■ Extracted data entries

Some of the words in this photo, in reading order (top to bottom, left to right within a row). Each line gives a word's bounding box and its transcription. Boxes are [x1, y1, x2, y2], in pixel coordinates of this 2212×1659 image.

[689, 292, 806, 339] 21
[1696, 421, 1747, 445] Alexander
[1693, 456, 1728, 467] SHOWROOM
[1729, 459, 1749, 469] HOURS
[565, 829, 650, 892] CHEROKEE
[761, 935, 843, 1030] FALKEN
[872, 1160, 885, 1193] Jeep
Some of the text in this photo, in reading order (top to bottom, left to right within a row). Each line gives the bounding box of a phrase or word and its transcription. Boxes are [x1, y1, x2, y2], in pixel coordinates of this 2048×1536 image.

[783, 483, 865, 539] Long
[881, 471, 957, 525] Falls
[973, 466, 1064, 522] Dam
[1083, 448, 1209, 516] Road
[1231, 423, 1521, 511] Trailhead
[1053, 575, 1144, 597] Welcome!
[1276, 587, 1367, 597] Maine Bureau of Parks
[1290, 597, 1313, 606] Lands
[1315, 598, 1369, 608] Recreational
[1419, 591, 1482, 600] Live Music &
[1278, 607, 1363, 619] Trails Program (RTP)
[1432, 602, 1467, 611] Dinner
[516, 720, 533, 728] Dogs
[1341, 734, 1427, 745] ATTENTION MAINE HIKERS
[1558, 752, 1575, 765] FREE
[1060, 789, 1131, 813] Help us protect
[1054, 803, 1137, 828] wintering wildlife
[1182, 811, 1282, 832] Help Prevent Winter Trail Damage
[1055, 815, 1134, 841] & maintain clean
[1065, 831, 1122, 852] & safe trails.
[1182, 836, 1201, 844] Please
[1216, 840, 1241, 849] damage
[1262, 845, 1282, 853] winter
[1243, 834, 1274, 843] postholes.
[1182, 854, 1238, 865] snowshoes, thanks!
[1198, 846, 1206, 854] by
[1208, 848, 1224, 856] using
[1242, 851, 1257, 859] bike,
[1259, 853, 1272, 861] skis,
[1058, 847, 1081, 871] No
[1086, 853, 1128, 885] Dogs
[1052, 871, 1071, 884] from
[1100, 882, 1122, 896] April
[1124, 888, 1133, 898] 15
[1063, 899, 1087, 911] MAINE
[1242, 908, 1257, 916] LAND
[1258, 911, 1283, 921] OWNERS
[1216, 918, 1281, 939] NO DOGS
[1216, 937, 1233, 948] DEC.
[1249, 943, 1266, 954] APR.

■ WHAT TO PRODUCE
The data is to be reproduced in full, every line intact.

■ TASK RESPONSE
Some of the words in this photo, in reading order (top to bottom, left to right within a row). Each line gives a word's bounding box and its transcription. Boxes are [x1, y1, x2, y2], in pixel coordinates of this 2212×1659 image.

[689, 292, 806, 339] 21
[1696, 421, 1747, 445] Alexander
[1693, 456, 1728, 467] SHOWROOM
[1729, 459, 1749, 469] HOURS
[565, 829, 650, 892] CHEROKEE
[761, 935, 843, 1030] FALKEN
[872, 1160, 885, 1193] Jeep
Some of the text in this photo, in reading order (top to bottom, left to right within a row). Each line gives the bounding box of a phrase or word and its transcription. Boxes are [x1, y1, x2, y2], in pixel coordinates of this 2048×1536 image.

[783, 483, 865, 539] Long
[881, 471, 957, 525] Falls
[973, 466, 1064, 522] Dam
[1083, 448, 1209, 516] Road
[1231, 423, 1521, 511] Trailhead
[1053, 575, 1144, 597] Welcome!
[1276, 587, 1367, 597] Maine Bureau of Parks
[1290, 597, 1313, 606] Lands
[1315, 598, 1369, 608] Recreational
[1419, 591, 1482, 600] Live Music &
[1278, 607, 1363, 619] Trails Program (RTP)
[1432, 602, 1467, 611] Dinner
[516, 720, 533, 728] Dogs
[1341, 734, 1427, 745] ATTENTION MAINE HIKERS
[1558, 752, 1575, 765] FREE
[1060, 789, 1131, 813] Help us protect
[1054, 803, 1137, 828] wintering wildlife
[1182, 811, 1282, 832] Help Prevent Winter Trail Damage
[1055, 815, 1134, 841] & maintain clean
[1065, 831, 1122, 852] & safe trails.
[1182, 836, 1201, 844] Please
[1216, 840, 1241, 849] damage
[1262, 845, 1282, 853] winter
[1243, 834, 1274, 843] postholes.
[1182, 854, 1238, 865] snowshoes, thanks!
[1198, 846, 1206, 854] by
[1208, 848, 1224, 856] using
[1242, 851, 1257, 859] bike,
[1259, 853, 1272, 861] skis,
[1058, 847, 1081, 871] No
[1086, 853, 1128, 885] Dogs
[1052, 871, 1071, 884] from
[1100, 882, 1122, 896] April
[1124, 888, 1133, 898] 15
[1063, 899, 1087, 911] MAINE
[1242, 908, 1257, 916] LAND
[1258, 911, 1283, 921] OWNERS
[1216, 918, 1281, 939] NO DOGS
[1216, 937, 1233, 948] DEC.
[1249, 943, 1266, 954] APR.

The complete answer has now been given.